PROVIDED MATERIAL:
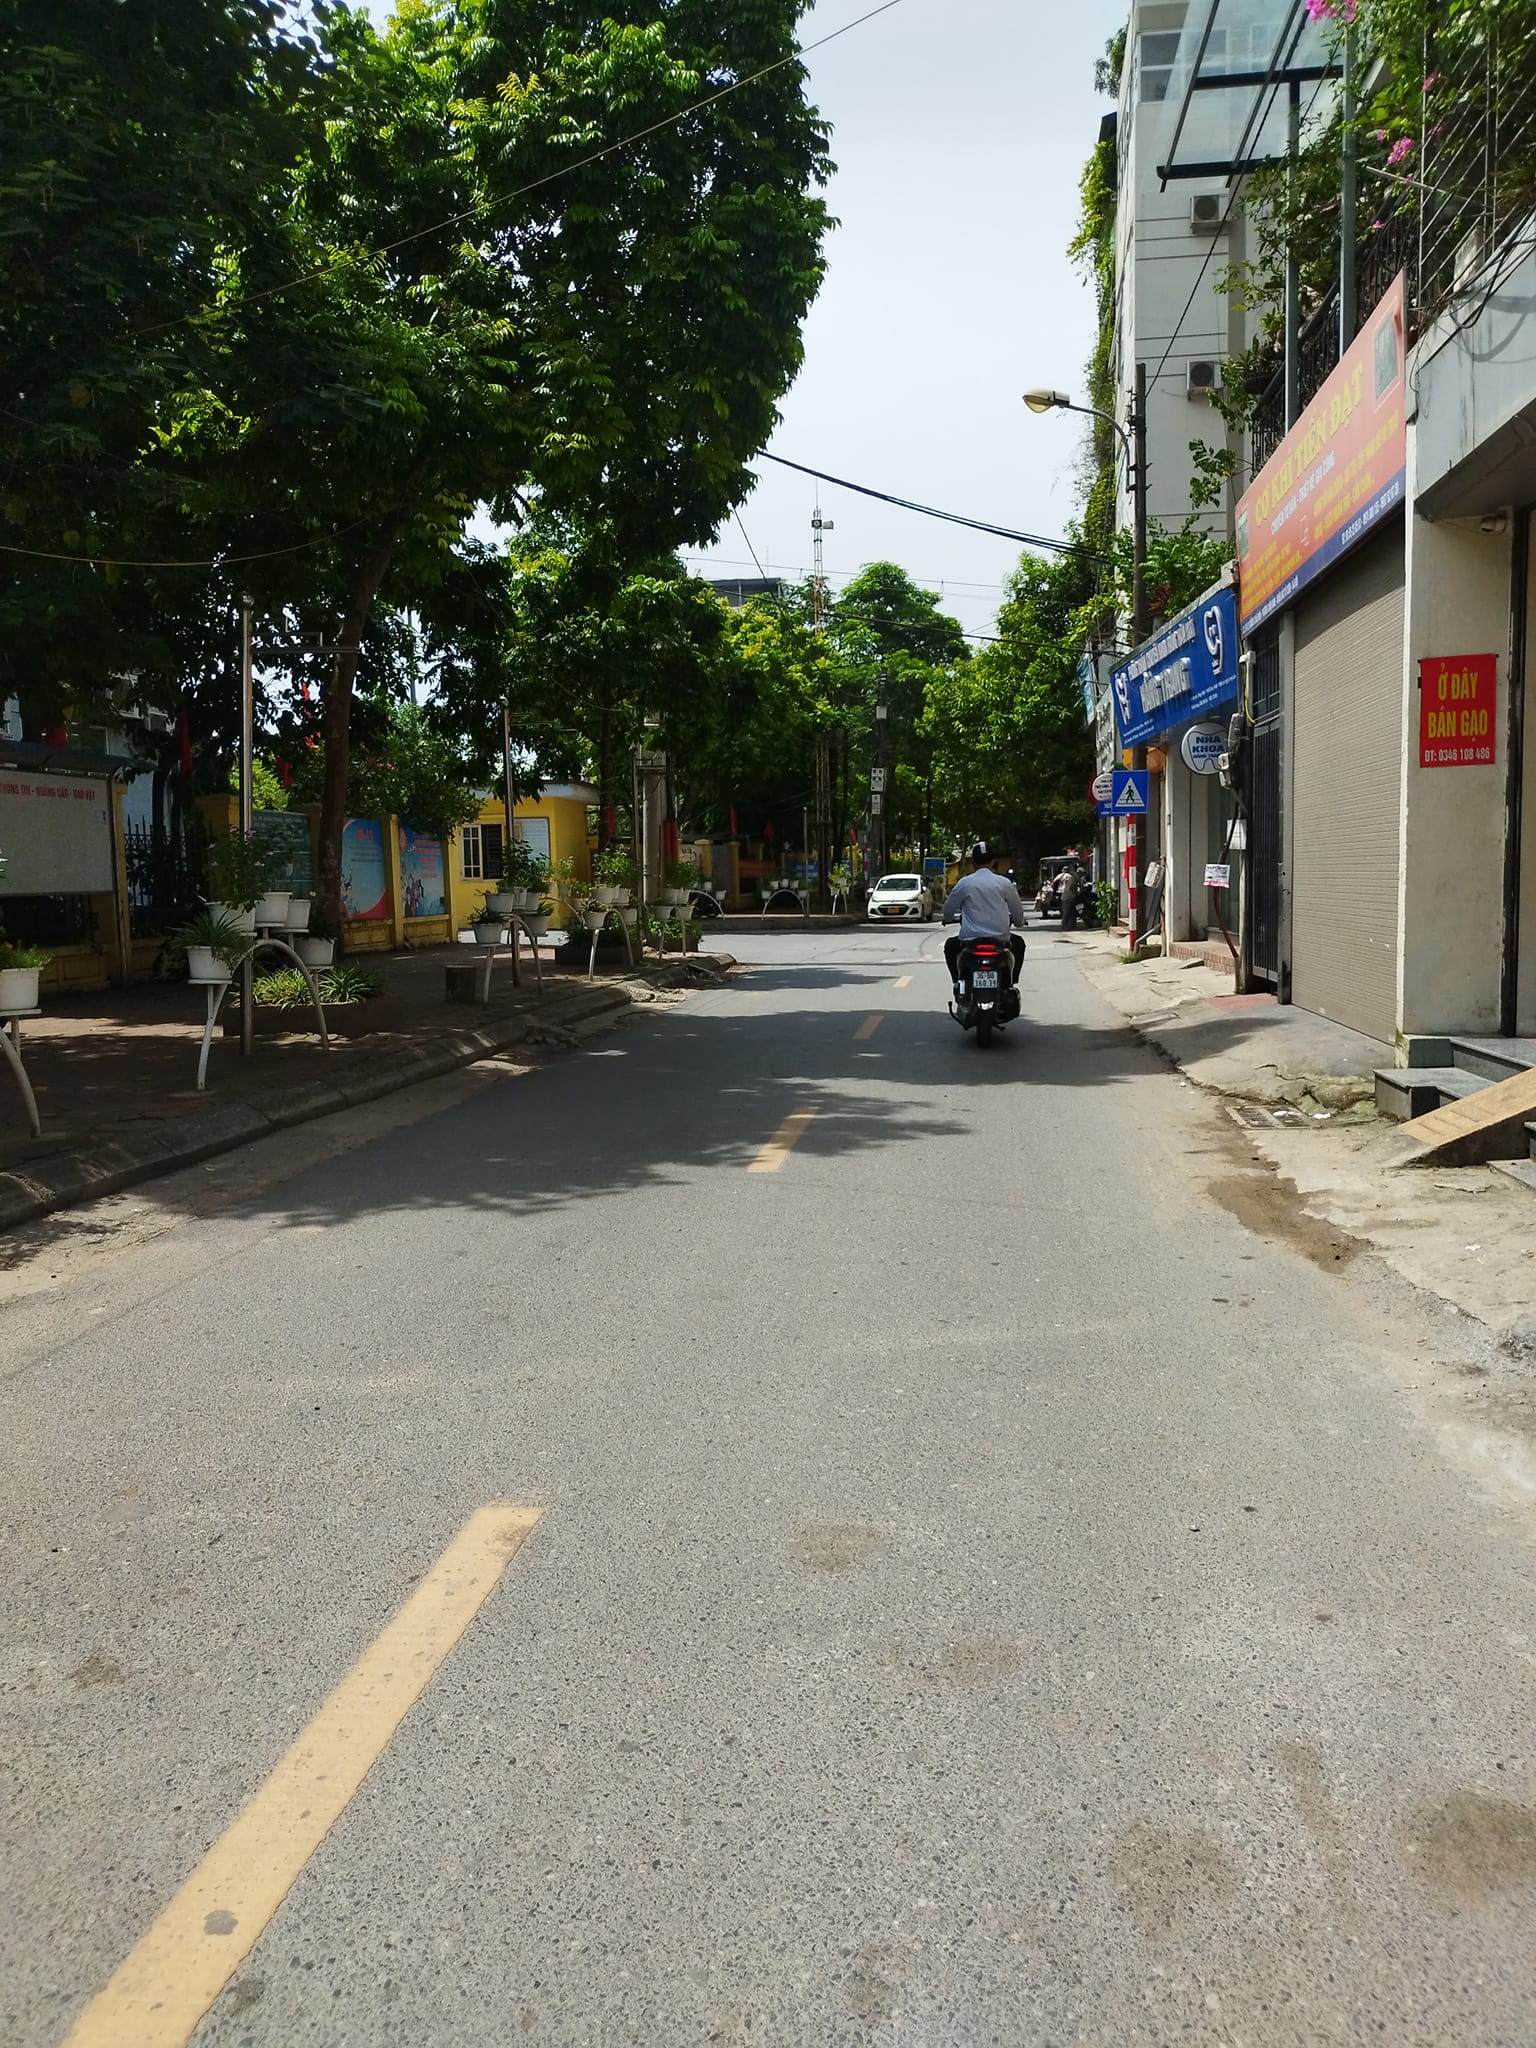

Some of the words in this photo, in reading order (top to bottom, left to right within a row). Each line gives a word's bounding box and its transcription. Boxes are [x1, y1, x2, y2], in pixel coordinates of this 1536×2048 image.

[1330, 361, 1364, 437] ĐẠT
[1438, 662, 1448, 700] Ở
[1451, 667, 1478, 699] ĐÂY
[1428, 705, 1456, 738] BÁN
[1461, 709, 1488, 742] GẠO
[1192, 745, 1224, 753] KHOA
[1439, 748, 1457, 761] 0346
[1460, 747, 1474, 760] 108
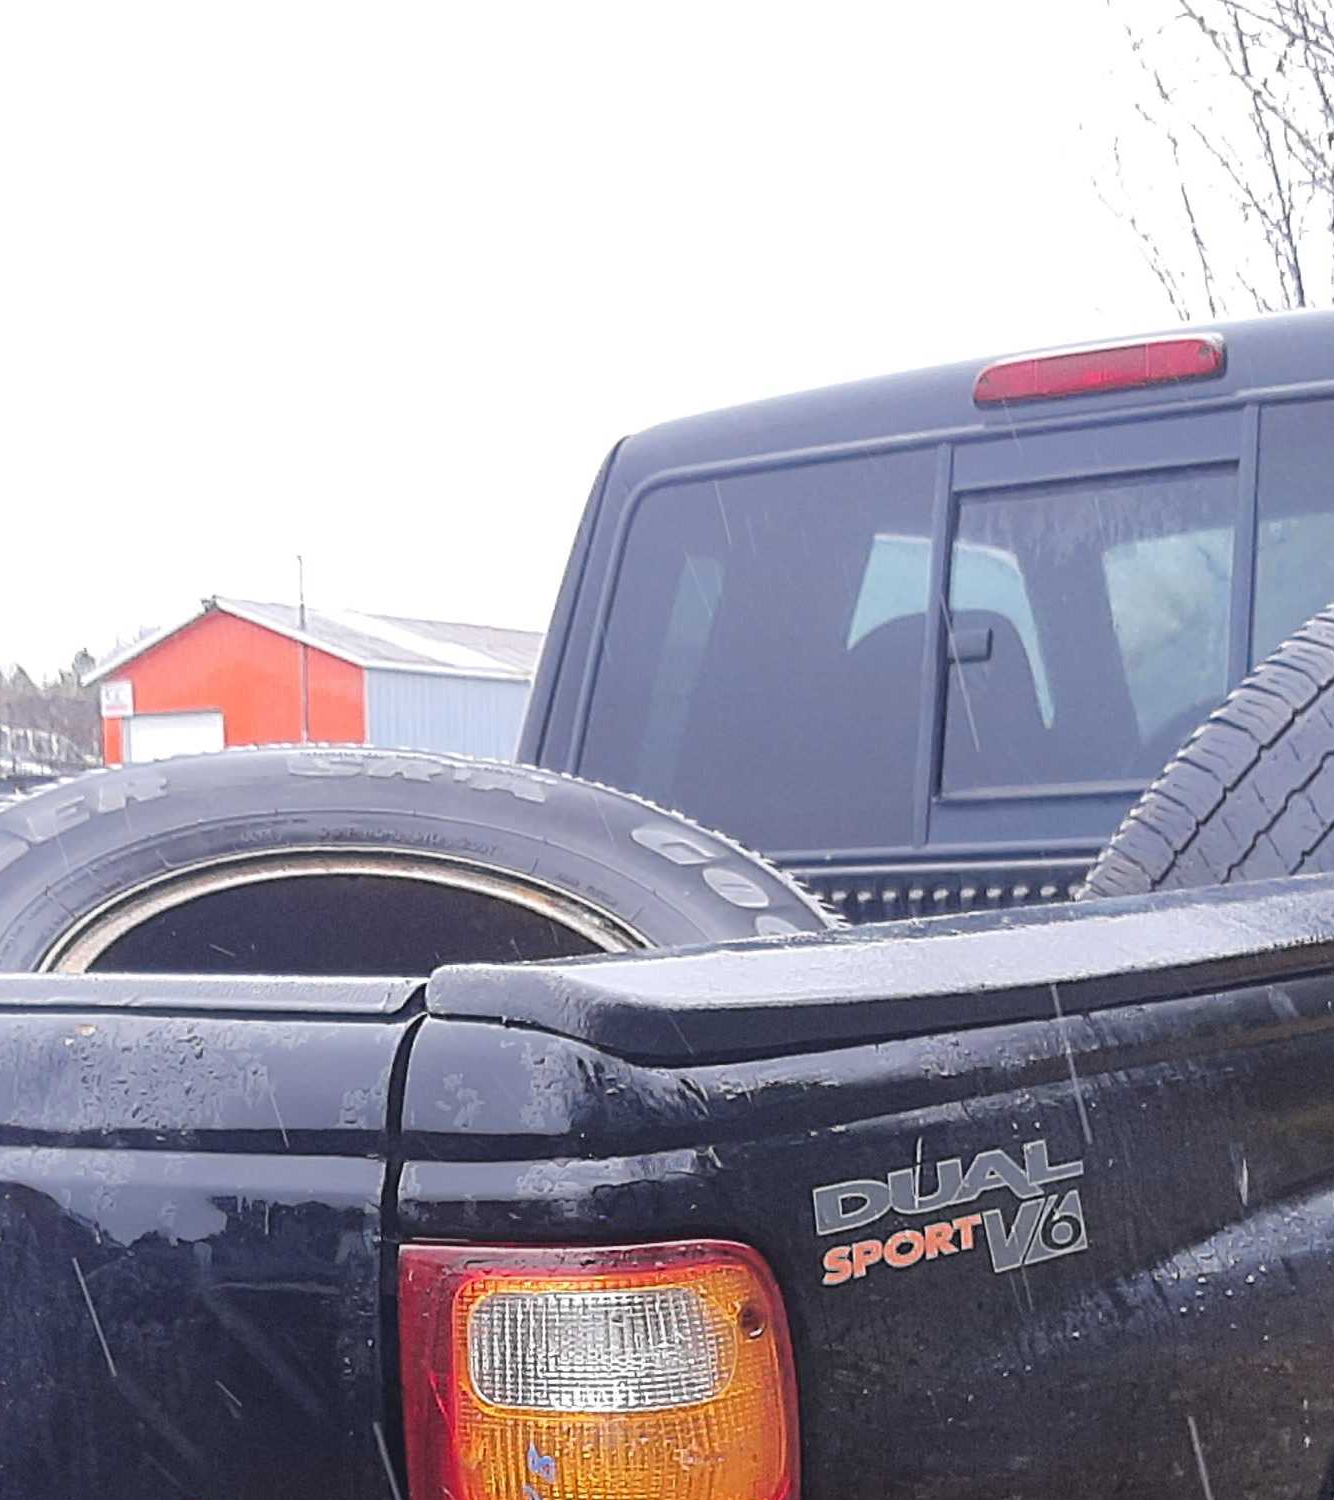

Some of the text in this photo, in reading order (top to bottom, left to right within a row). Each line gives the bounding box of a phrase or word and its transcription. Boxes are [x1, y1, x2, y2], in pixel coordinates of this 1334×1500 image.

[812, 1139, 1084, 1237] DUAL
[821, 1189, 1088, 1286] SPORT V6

EXERCISE REQUIREMENTS: From the line holding "Some of the text" through the final line of the data above, copy every line exactly as written. Include nothing else.

RESULT OF THIS TASK:
Some of the text in this photo, in reading order (top to bottom, left to right within a row). Each line gives the bounding box of a phrase or word and its transcription. Boxes are [x1, y1, x2, y2], in pixel coordinates of this 1334×1500 image.

[812, 1139, 1084, 1237] DUAL
[821, 1189, 1088, 1286] SPORT V6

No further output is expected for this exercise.